A new study of 90 different species of whales and dolphins has found a striking similarity in the evolution of the brains of cetaceans and primates, including humans. The study looked at the social complexity of each species, and used that factor to determine if brain size could be used to predict the richness of the culture of each type of marine mammal.
Physically speaking, dolphins and whales have well endowed brains, with sperm whales and orcas taking the top number one and two spots in brain size, respectively, in the animal kingdom (including humans), and many species of cetaceans have a higher brain to body mass ratio than humans. Along with this, cetaceans also have complex social structures, typically within tightly-knit groups, that includes behavior such as cooperative hunting, shared language, including the ability to assign names to individuals, and the ability to cooperate with other species.

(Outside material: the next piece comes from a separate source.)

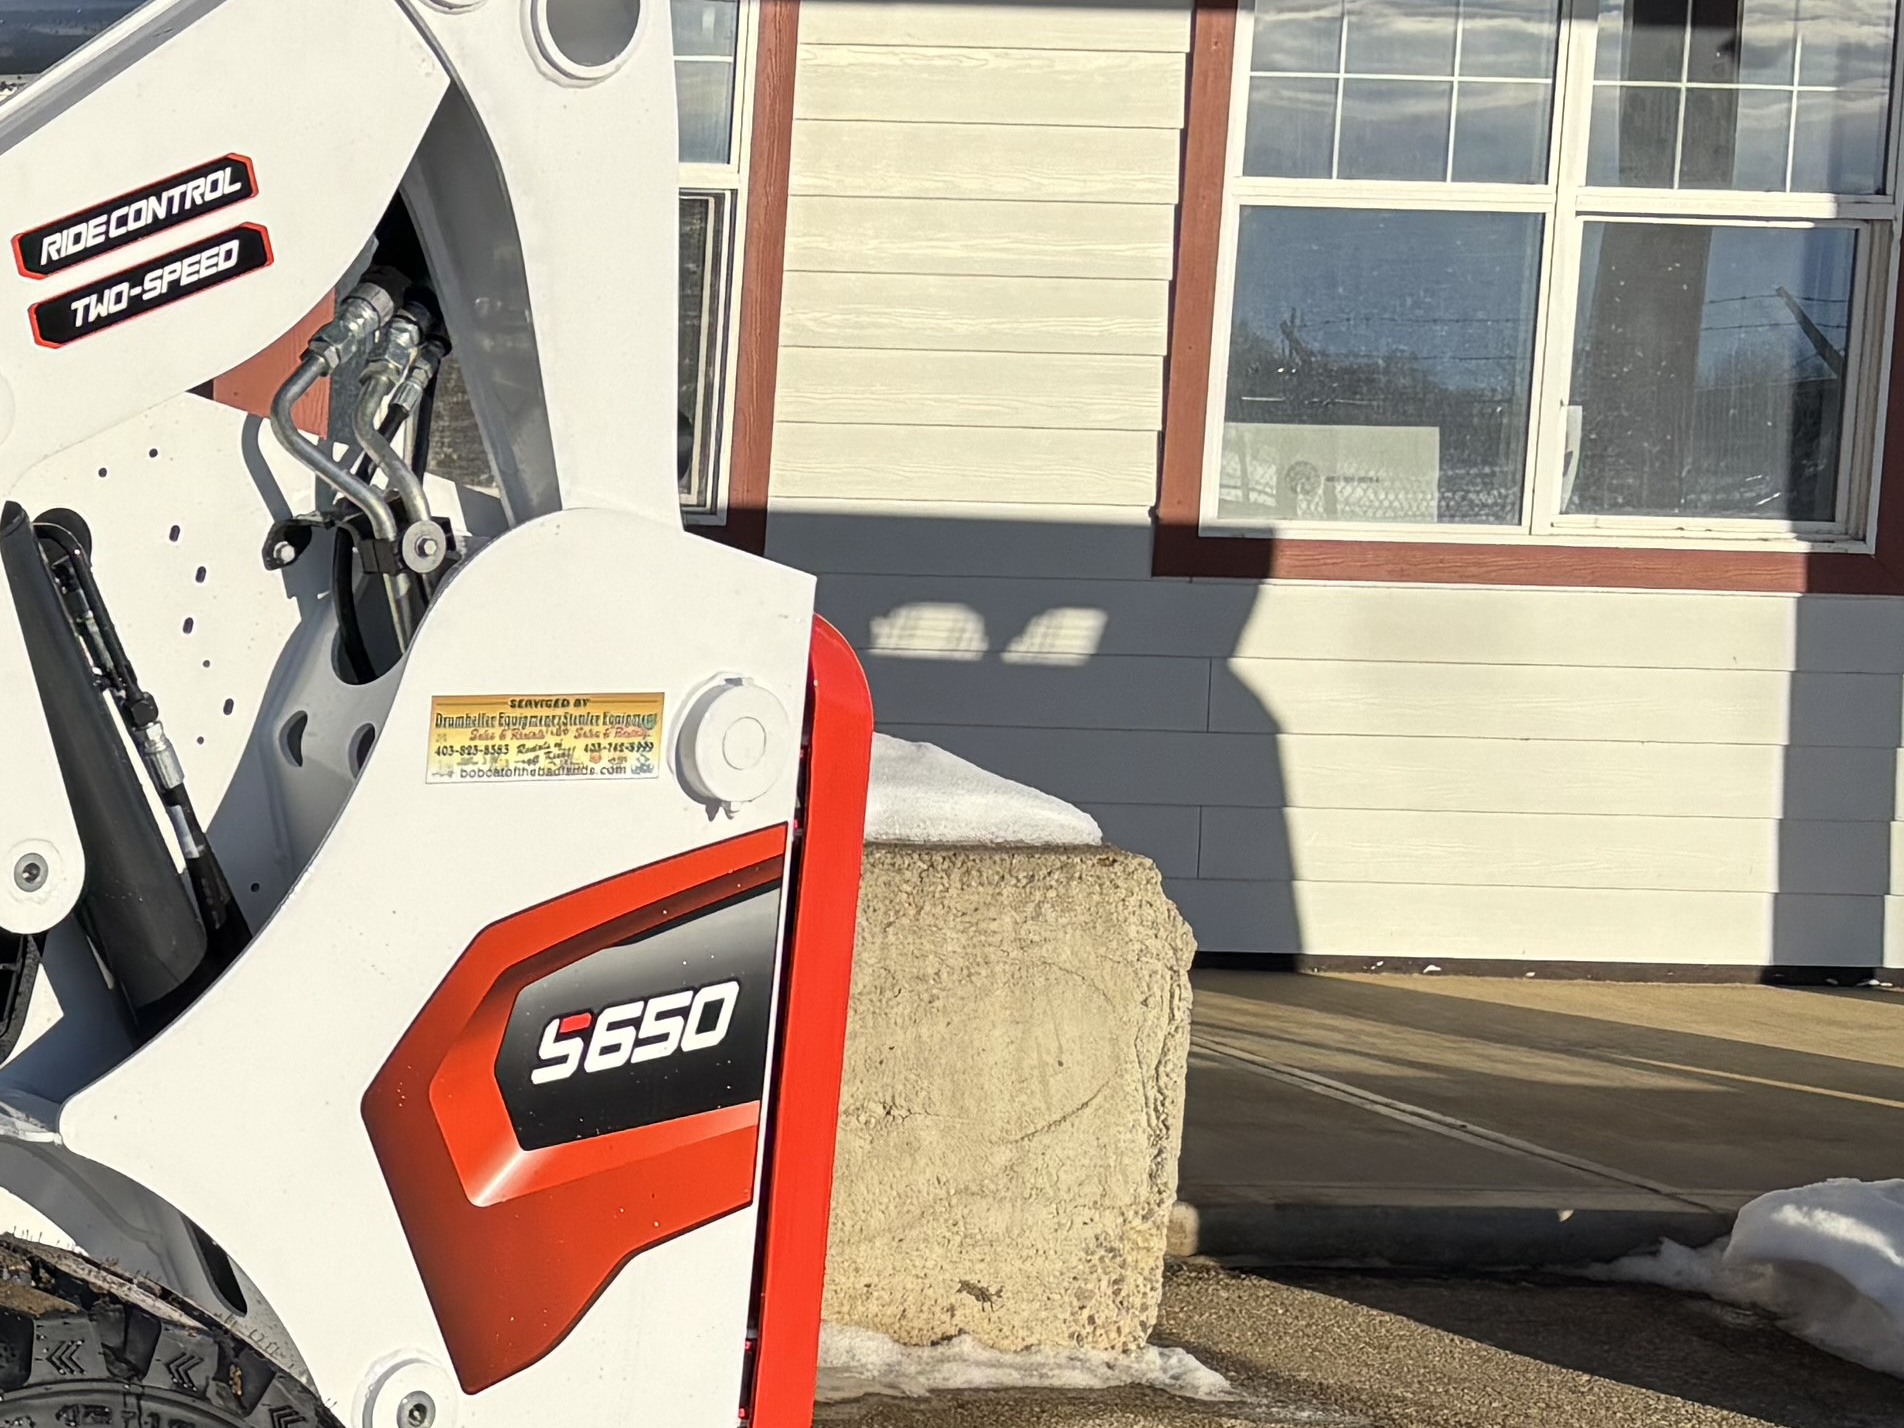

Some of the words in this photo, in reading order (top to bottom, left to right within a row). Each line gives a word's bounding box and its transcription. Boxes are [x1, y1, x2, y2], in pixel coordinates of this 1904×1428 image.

The study found that encephalization, or the expansion of the brain, appears to occur in response to the increased complexity of an individual species’ social structure. Intelligence itself does not appear to rely on brain size — many birds, especially ravens, are downright brilliant, despite having "bird brains" — however, according to the study "brain size predicts the breadth of social and cultural behaviors, as well as ecological factors."
"As humans, our ability to socially interact and cultivate relationships has allowed us to colonize almost every ecosystem and environment on the planet," according to study co-author and evolutionary biologist Dr Susanne Shultz, with the University of Manchester’s School of Earth and Environmental Sciences.
"We know whales and dolphins also have exceptionally large and anatomically sophisticated brains and, therefore, have created a similar marine based culture," Schultz continues. "That means the apparent co-evolution of brains, social structure, and behavioral richness of marine mammals provides a unique and striking parallel to the large brains and hyper-sociality of humans and other primates on land."
Stanford University neuroscientist Dr. Kieran Fox, also involved with the study, points out that "cetaceans have many complex social behaviors that are similar to humans and other primates. They, however, have different brain structures from us, leading some researchers to argue that whales and dolphins could not achieve higher cognitive and social skills.
"I think our research shows that this is clearly not the case. Instead, a new question emerges: How can very diverse patterns of brain structure in very different species nonetheless give rise to highly similar cognitive and social behaviors?"